### Material provided
--------------------
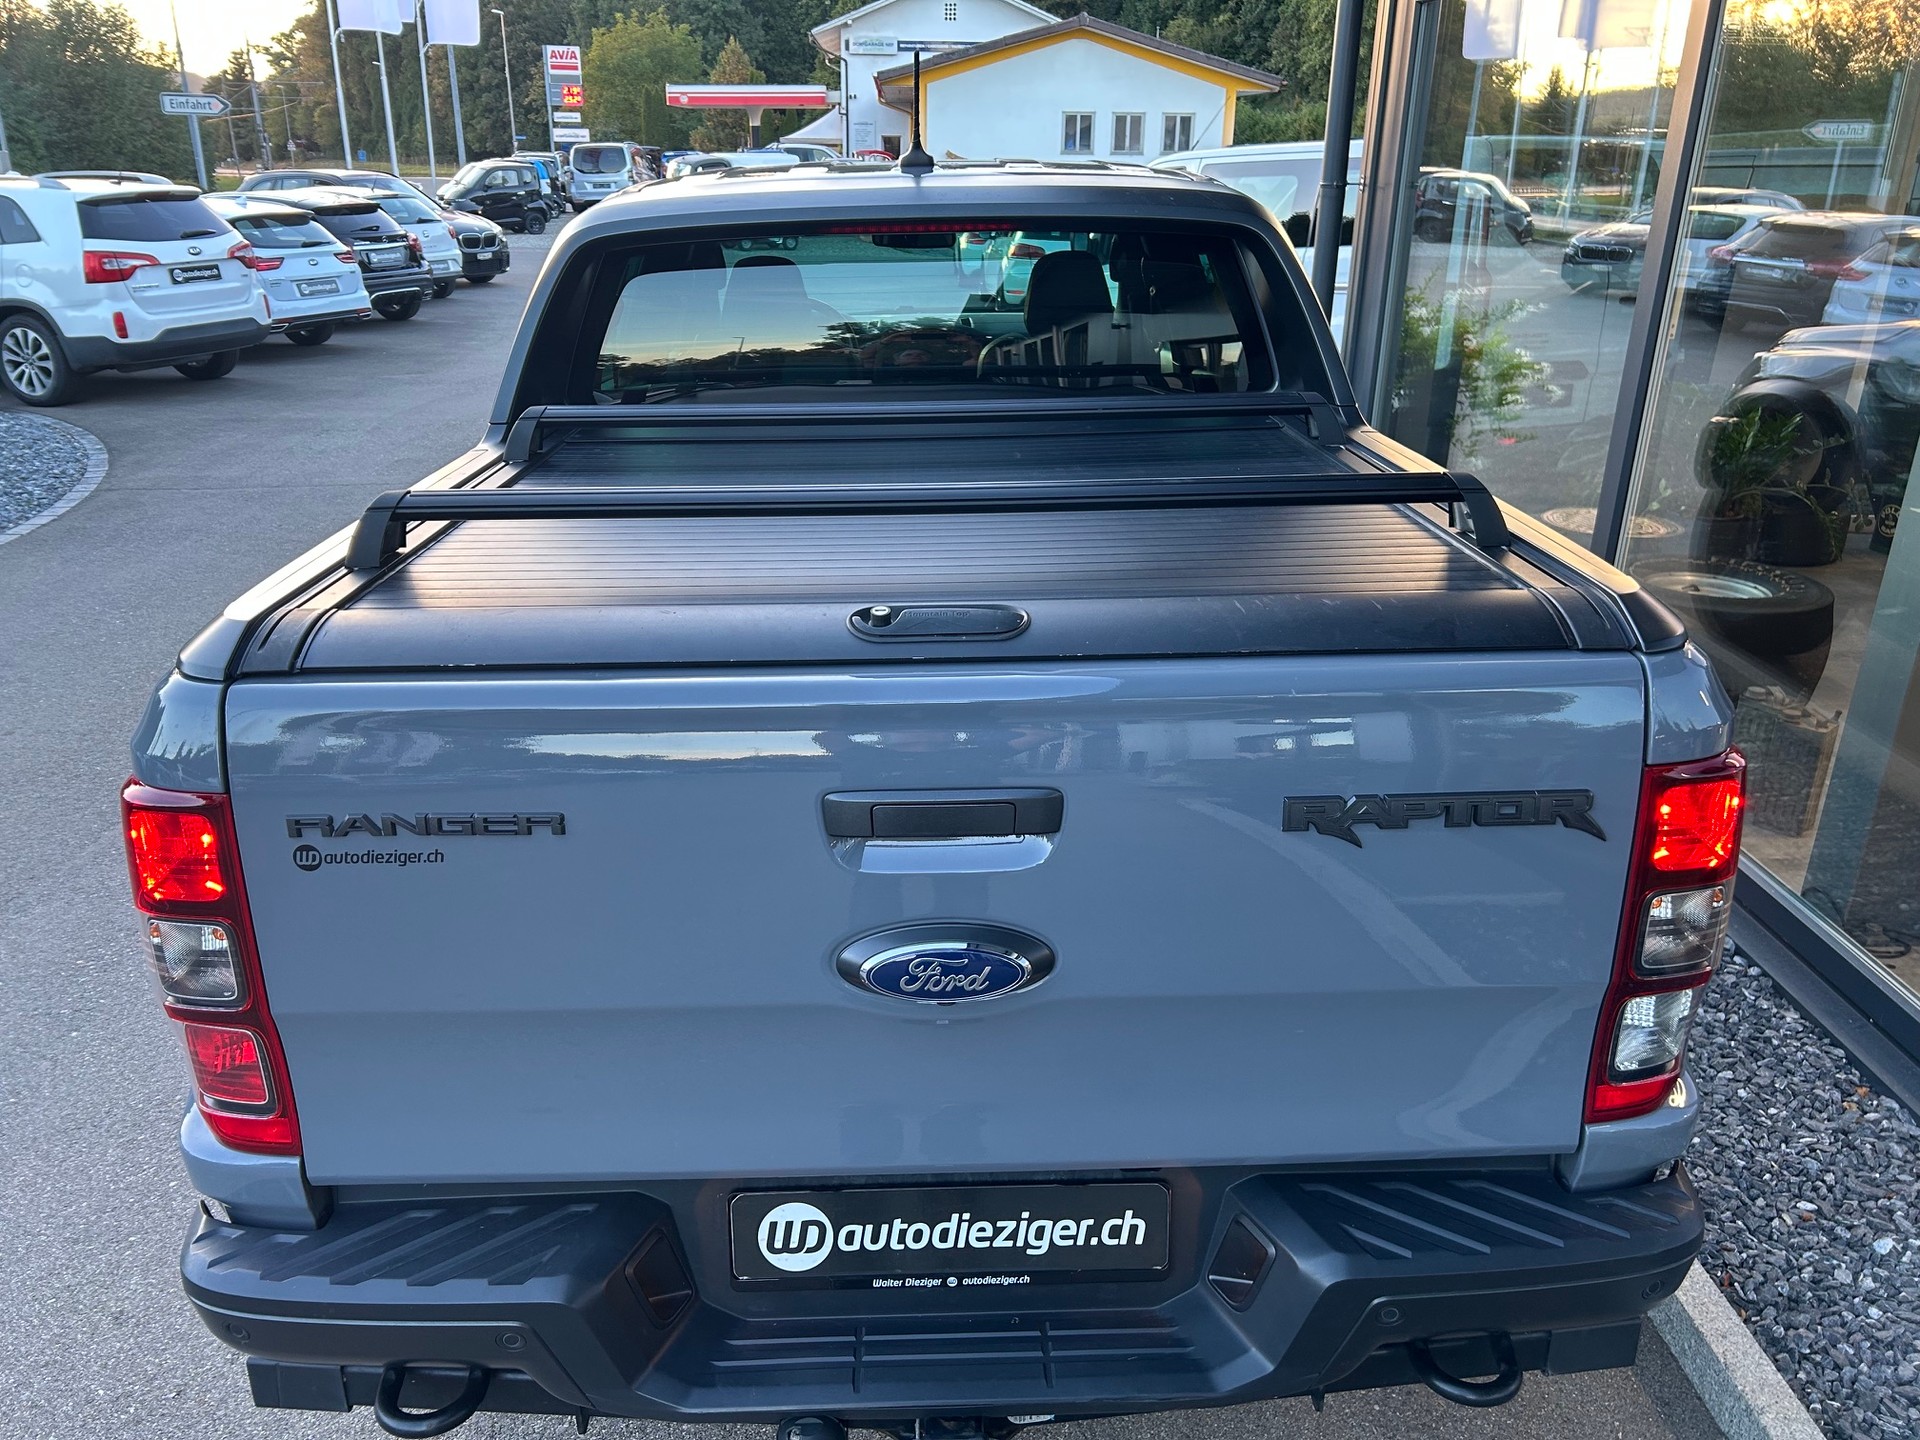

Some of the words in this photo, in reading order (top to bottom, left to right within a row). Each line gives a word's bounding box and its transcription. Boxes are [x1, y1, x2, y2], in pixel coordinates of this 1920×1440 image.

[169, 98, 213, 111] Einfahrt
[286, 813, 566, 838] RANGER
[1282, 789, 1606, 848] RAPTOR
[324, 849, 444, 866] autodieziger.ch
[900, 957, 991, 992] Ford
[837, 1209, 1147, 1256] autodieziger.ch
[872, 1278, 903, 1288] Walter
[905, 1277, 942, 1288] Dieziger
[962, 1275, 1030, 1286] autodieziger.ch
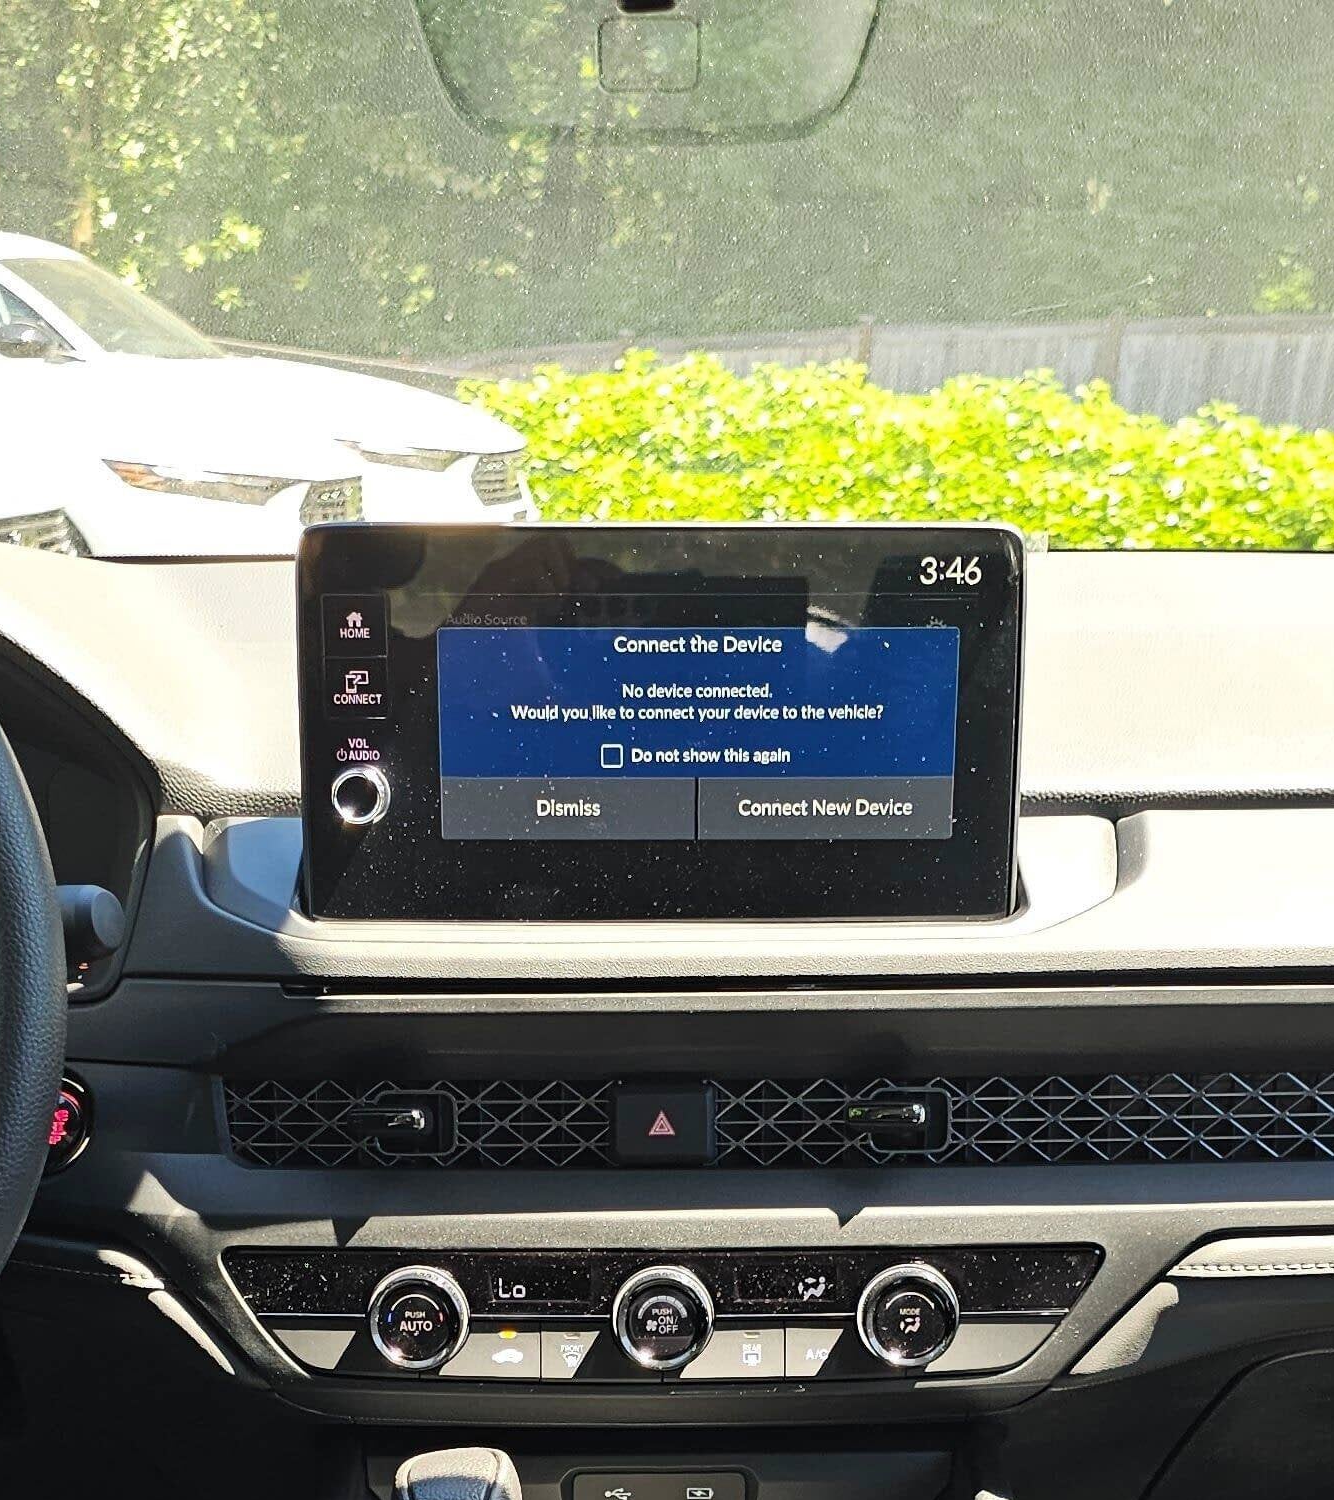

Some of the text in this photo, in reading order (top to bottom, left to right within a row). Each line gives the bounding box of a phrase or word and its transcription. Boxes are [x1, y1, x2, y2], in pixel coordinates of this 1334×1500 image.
--------------------
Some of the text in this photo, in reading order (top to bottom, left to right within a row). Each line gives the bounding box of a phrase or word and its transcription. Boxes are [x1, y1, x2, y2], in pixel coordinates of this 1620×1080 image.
--------------------
### Task directions
Above are some records; quote exactly and only the lines that begin at the line containing "Some of the words" and stop after the line containing "this 1334×1500 image.", leaving out the pictures.

### Your solution
Some of the words in this photo, in reading order (top to bottom, left to right within a row). Each line gives a word's bounding box and its transcription. Boxes are [x1, y1, x2, y2], in pixel coordinates of this 1920×1440 image.

[169, 98, 213, 111] Einfahrt
[286, 813, 566, 838] RANGER
[1282, 789, 1606, 848] RAPTOR
[324, 849, 444, 866] autodieziger.ch
[900, 957, 991, 992] Ford
[837, 1209, 1147, 1256] autodieziger.ch
[872, 1278, 903, 1288] Walter
[905, 1277, 942, 1288] Dieziger
[962, 1275, 1030, 1286] autodieziger.ch

Some of the text in this photo, in reading order (top to bottom, left to right within a row). Each line gives the bounding box of a phrase or word and its transcription. Boxes are [x1, y1, x2, y2], in pixel coordinates of this 1334×1500 image.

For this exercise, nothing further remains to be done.